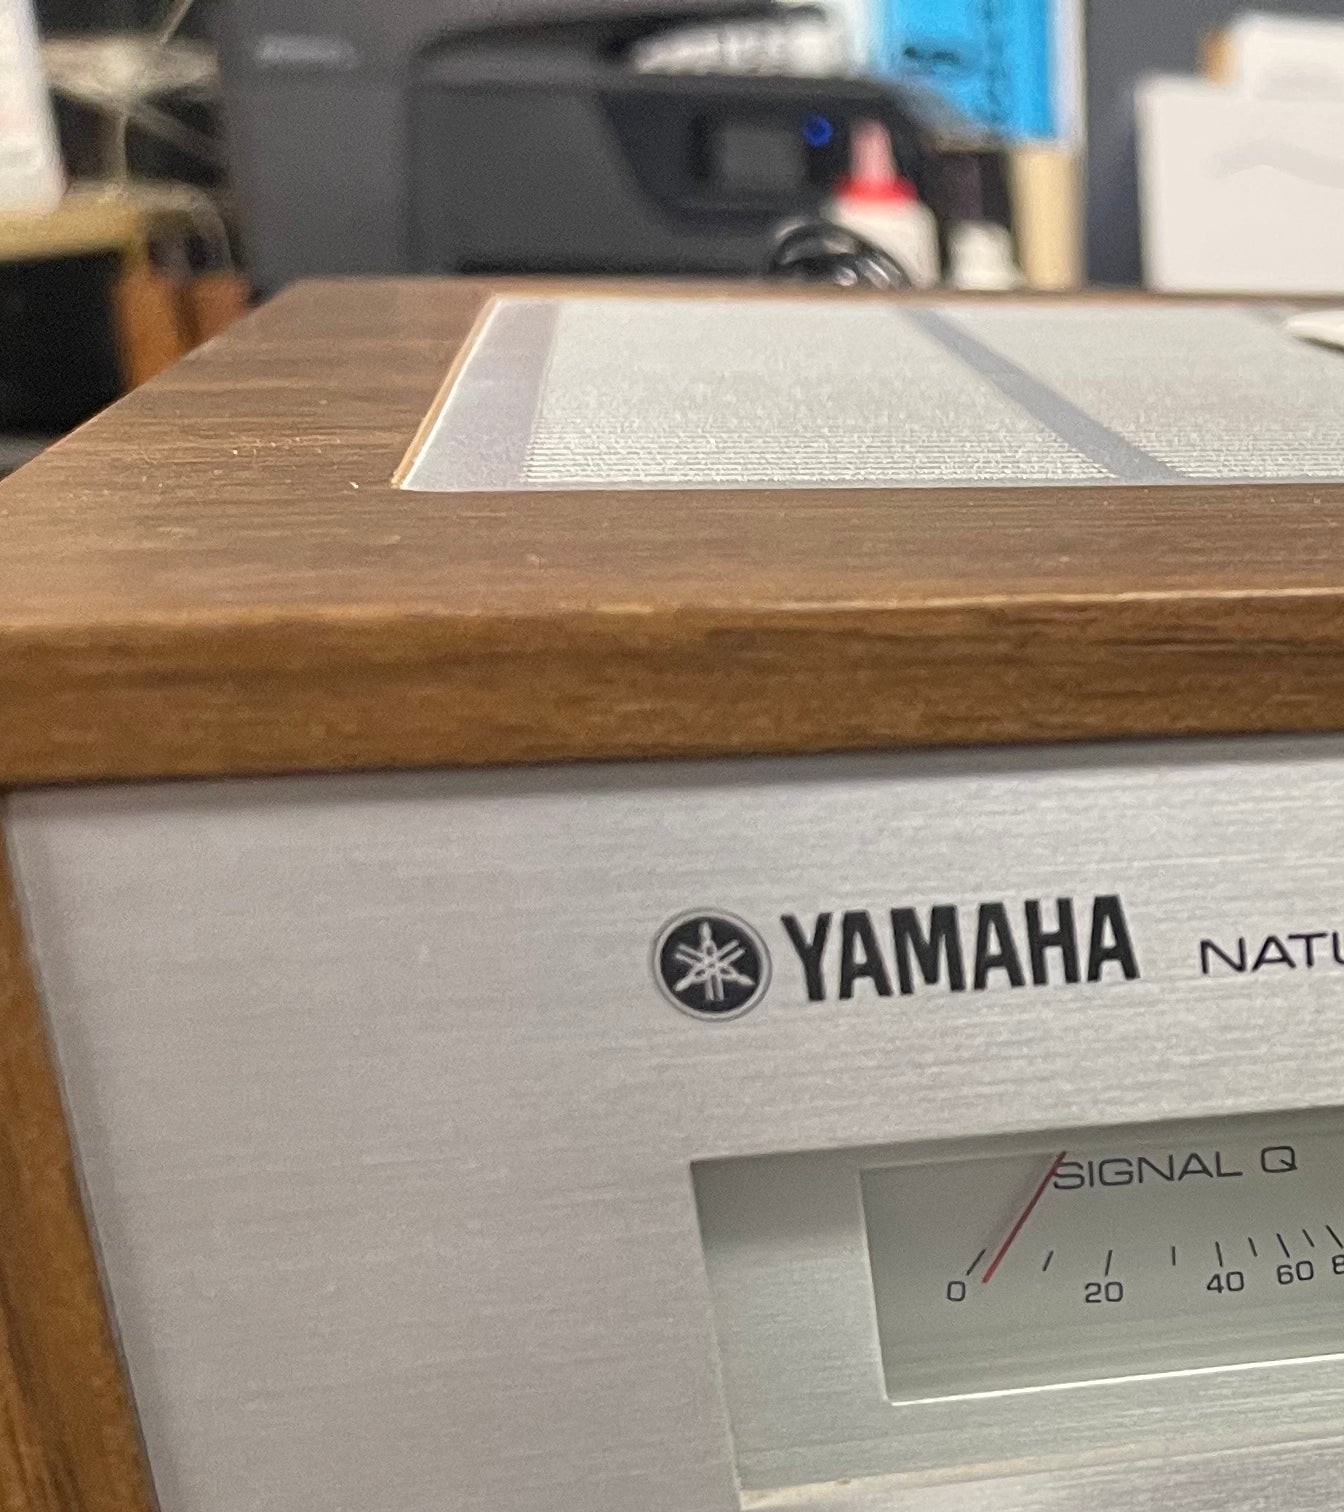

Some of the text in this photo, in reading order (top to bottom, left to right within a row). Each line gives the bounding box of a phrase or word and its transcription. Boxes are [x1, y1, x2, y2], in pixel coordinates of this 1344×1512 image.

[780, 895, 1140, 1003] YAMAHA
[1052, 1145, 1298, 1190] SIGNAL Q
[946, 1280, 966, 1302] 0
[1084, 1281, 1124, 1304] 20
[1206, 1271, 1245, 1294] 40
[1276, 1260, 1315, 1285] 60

################

● **WORK TO COMPLETE**:
Copy the lines above exactly and exclude every image.

● **OUTPUT BELOW**:
Some of the text in this photo, in reading order (top to bottom, left to right within a row). Each line gives the bounding box of a phrase or word and its transcription. Boxes are [x1, y1, x2, y2], in pixel coordinates of this 1344×1512 image.

[780, 895, 1140, 1003] YAMAHA
[1052, 1145, 1298, 1190] SIGNAL Q
[946, 1280, 966, 1302] 0
[1084, 1281, 1124, 1304] 20
[1206, 1271, 1245, 1294] 40
[1276, 1260, 1315, 1285] 60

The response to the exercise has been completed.